耳鳴り、難聴はなかなか治癒が難しい病気です。

その原因複数、考えられます。

「原因はコレだ!」と明確に診断されれば、治療もどうすればいいのかがわかるものですが、原因を特定することが、この病気は、とても難しいのです。

病院で、外耳炎、中耳炎、内耳炎、聴神経腫瘍、狭窄症、と診断された場合は、原因がわかっているので、対処ができます。

病院の診断で、「うーん、原因はストレスかな?」「神経の問題かもしれないですね。」というようなざっくりとした場合は、病院でいくら治療を重ねても、医者は原因を特定できていないわけですから治療は、原因に対応しているのかがわからないわけで、それでは根本治癒に近づけるわけがないですね。

なんとか、状況を変えたくて、インターネットで調べたら、サプリメントで、よくなったという事例が山のように出てきます。

どのサイトを見ても、いかにも「これを飲んでたら治るかも!」と思ってしまうような素敵なサイトばかりです。

イチョウの葉エキスや、蜂の子のサプリメントが代表的です。

イチョウの葉エキスは血行をよくする効果がありますが、耳鳴りや難聴を治せるくらいのパワーは生薬としてはないと思います。

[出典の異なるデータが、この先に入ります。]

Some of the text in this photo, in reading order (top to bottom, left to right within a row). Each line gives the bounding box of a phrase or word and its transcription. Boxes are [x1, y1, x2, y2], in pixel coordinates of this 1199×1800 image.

蜂の子は豊富なアミノ酸とビタミンBが成分で、成分的にはプロテインと同じようなものです。

体は元気になるかもしれませんが、耳鳴りや難聴の治療にはほど遠いように思えます。

(ビタミンBが神経を治すみたいに言いたいのかもしれないですが)

ですので、耳鳴りサプリメントを飲んでたら治るだろうというのは、かなりの気休めのような気がします。

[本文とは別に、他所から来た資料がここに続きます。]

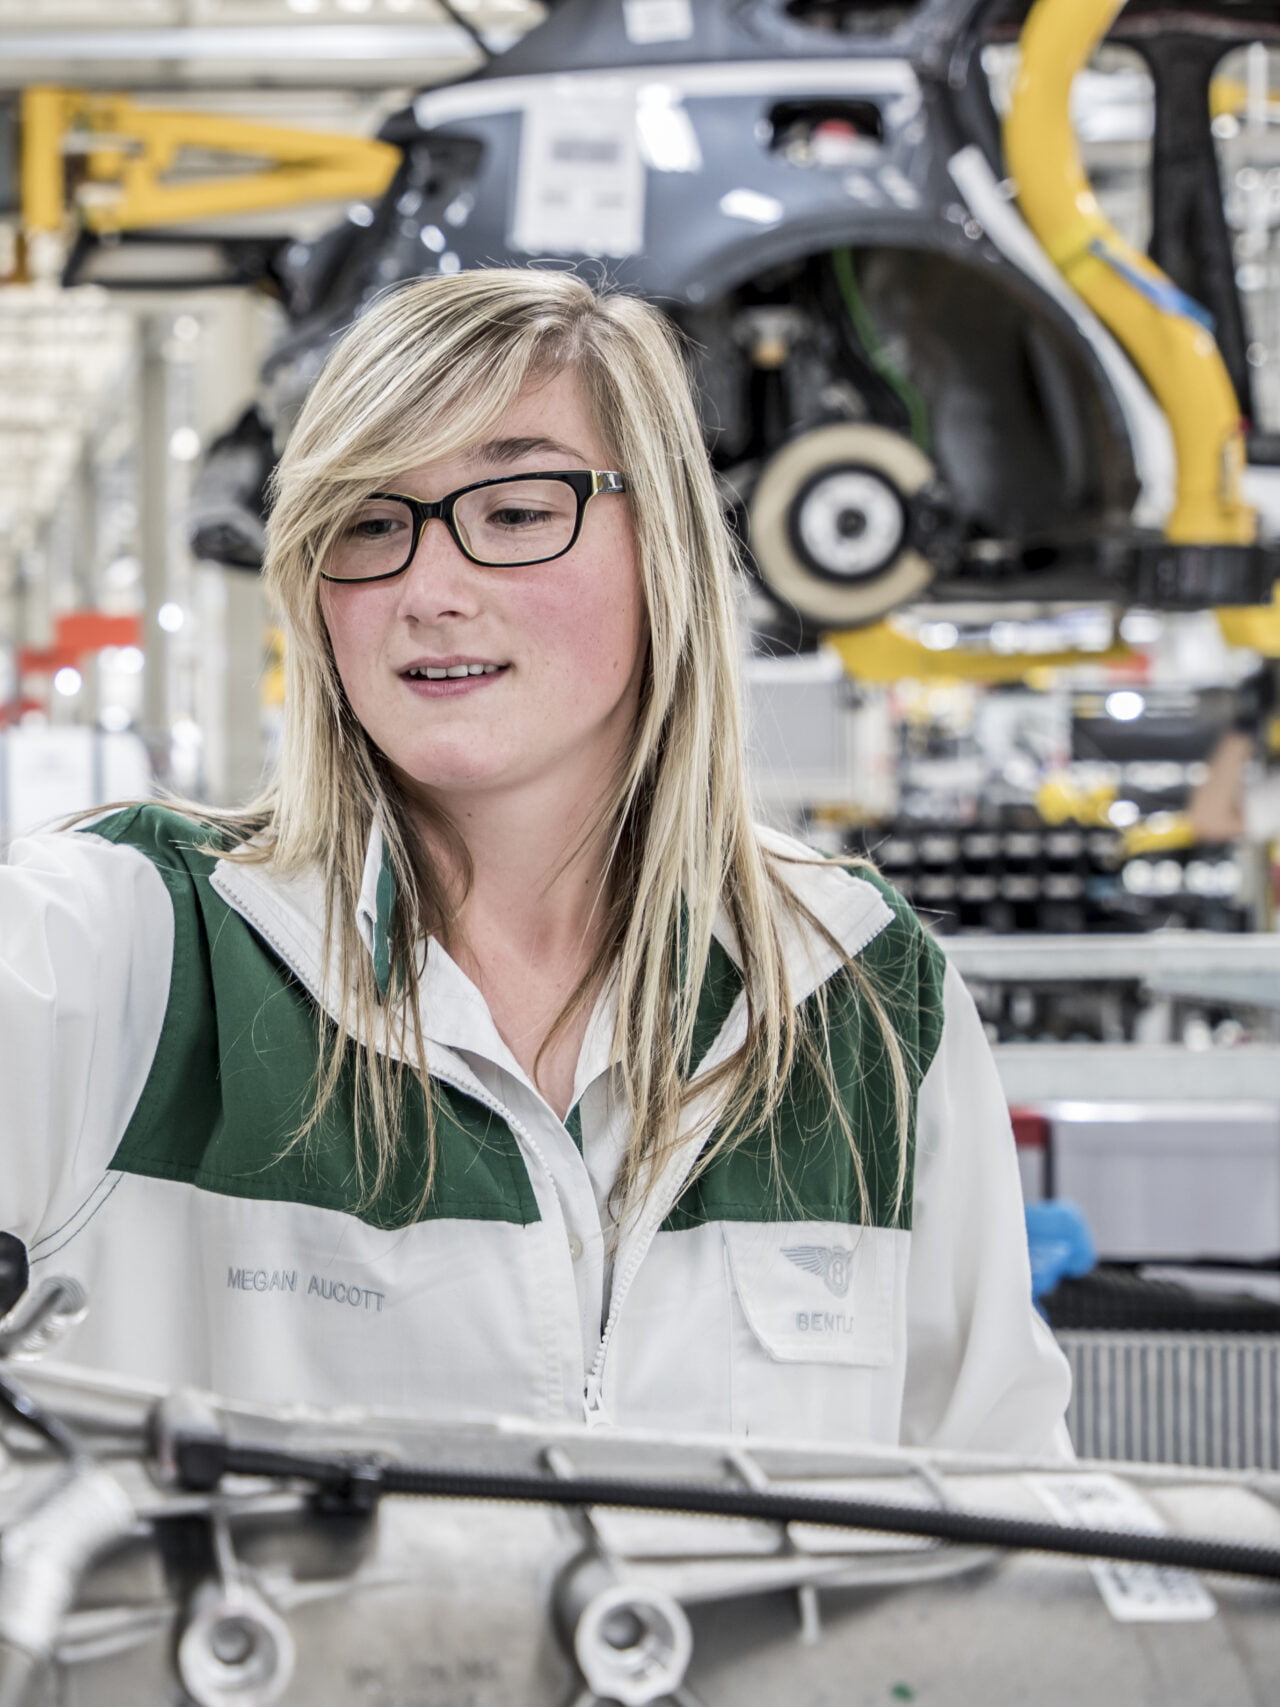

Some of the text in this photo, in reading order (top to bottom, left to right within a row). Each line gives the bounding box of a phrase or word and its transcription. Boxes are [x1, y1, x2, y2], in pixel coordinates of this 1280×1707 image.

[227, 1266, 385, 1312] MEGAN AUCOTT
[795, 1311, 855, 1334] BENTL

耳鳴りの治癒を難しくしている点は、耳鳴りの状態が固定化されると、治癒の可能性が低くなります。

これは、長年の治療経験からわかったことですが、耳鳴りや難聴になって半年以上過ぎた場合は、なかなかよくなりませんが、逆に、治療が早ければ治る可能性が高い病気なのです。

もし、耳鳴りや難聴の症状が出てきたら、できるだけ早く病院で調べて、原因を追求し、もし何が明確な原因かが特定できなかったら、漢方薬での治療をおすすめ致します。

耳鳴りの漢方薬と言えば、『苓桂朮甘湯(りょうけいじゅつかんとう)』が有名ですが、これも漢方治療の経験からこの漢方薬で耳鳴りや難聴がよくなったという例がほぼありません。

漢方薬と一言で言っても、証(体質)を診て処方しますので、体質を詳しく診ていくとこんなにいろいろなタイプに分かれます。

(耳鳴りで考えられる体質タイプ)
❶ 皮膚表面の水の巡りが悪くなり、その水が原因で耳鳴りを起こしているタイプ。

❷ 胸のあたりに気が滞り、熱がこもりやすくなり、余分な気と熱が原因で耳鳴りを起こしているタイプ。

❸ 便秘気味で大腸の熱がこもり、大腸の熱が耳に登って耳鳴りを起こしているタイプ。

❹ 気と熱が頭の部分で滞って耳鳴りを起こしているタイプ。

❺ 胃腸に留まった水が耳鳴りを起こしているタイプ。

❻ 貧血気味で血が不足して、それが耳鳴りを起こしているタイプ。

❼ 腎臓機能が弱って、水の巡りが悪くなり耳鳴りを起こしているタイプ。

と、7つの体質タイプ(証)から、それに合った漢方薬を選んでいきます。

先ほどの『苓桂朮甘湯(りょうけいじゅつかんとう)』は「気と熱が頭の部分で滞って耳鳴りを起こしているタイプ」の証にあたり、その証の場合に考えられる漢方薬は7種類ほどあり、その処方の中の一つです。

漢方薬の選び方を簡単に解説しますと、一段階目で体質を7つの証の中のどれかに絞ります。(1つの証に絞れたら、より簡単ですが、証が2つか3つになることもあります。)

二段階目で、その証で考えられる複数の漢方薬の中から、選ぶことになります。

最初は耳鳴りを治せそうな漢方薬が40種類ほどあって、それを大まかに7つのタイプにわけて、7つのタイプの中には6種類くらいの漢方薬がありますので、その6種類の中から、一番、体質にあっていそうなものを選んでいくといった感じです。

ですので、漢方薬=『苓桂朮甘湯(りょうけいじゅつかんとう)』
と体質(証)を診ることを飛ばして、耳鳴りの漢方薬として飲む事は、漢方治療ではなくなってしまいますので、ご注意を!